Across the whole listing, return each line exactly, with no images included.

• • • • • • •

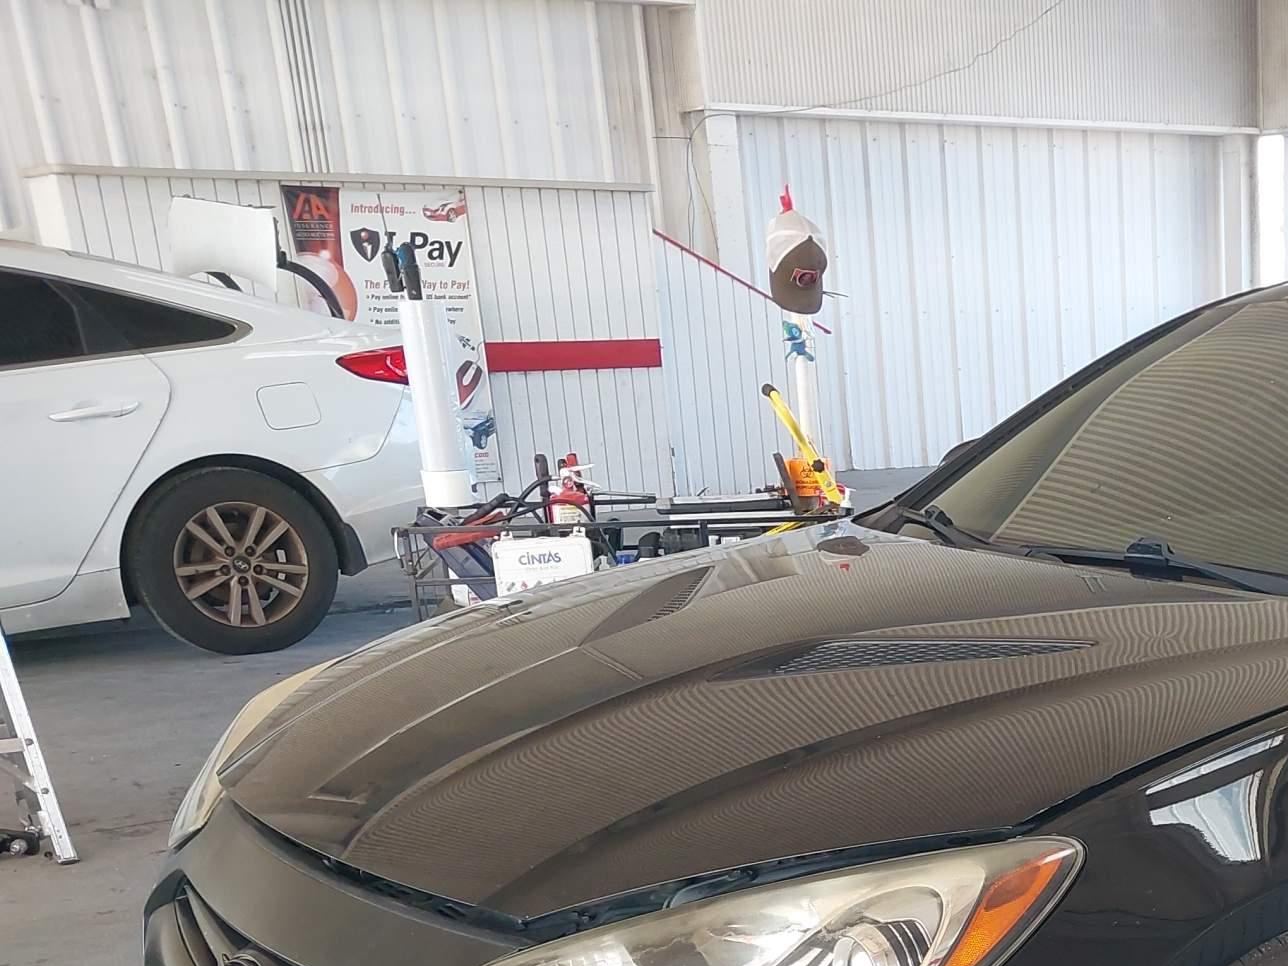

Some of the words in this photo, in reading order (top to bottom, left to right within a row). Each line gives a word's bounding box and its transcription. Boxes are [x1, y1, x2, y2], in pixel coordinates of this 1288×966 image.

[351, 203, 416, 216] Introducing...
[365, 280, 380, 289] The
[440, 280, 449, 289] to
[451, 281, 470, 291] Pay!
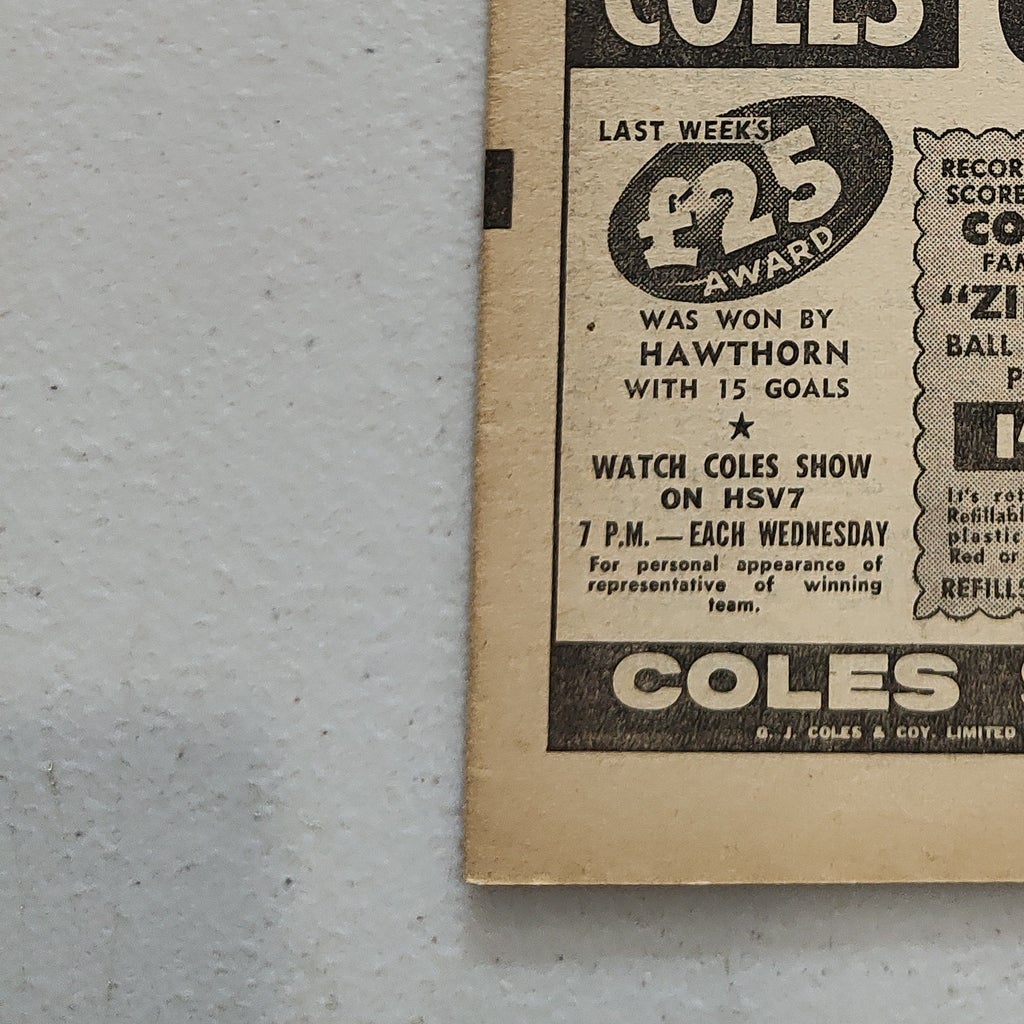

• • • • • • •

§ Answer area:
Some of the words in this photo, in reading order (top to bottom, left to right within a row). Each line gives a word's bounding box and its transcription. Boxes are [x1, y1, x2, y2], in pixel coordinates of this 1288×966 image.

[351, 203, 416, 216] Introducing...
[365, 280, 380, 289] The
[440, 280, 449, 289] to
[451, 281, 470, 291] Pay!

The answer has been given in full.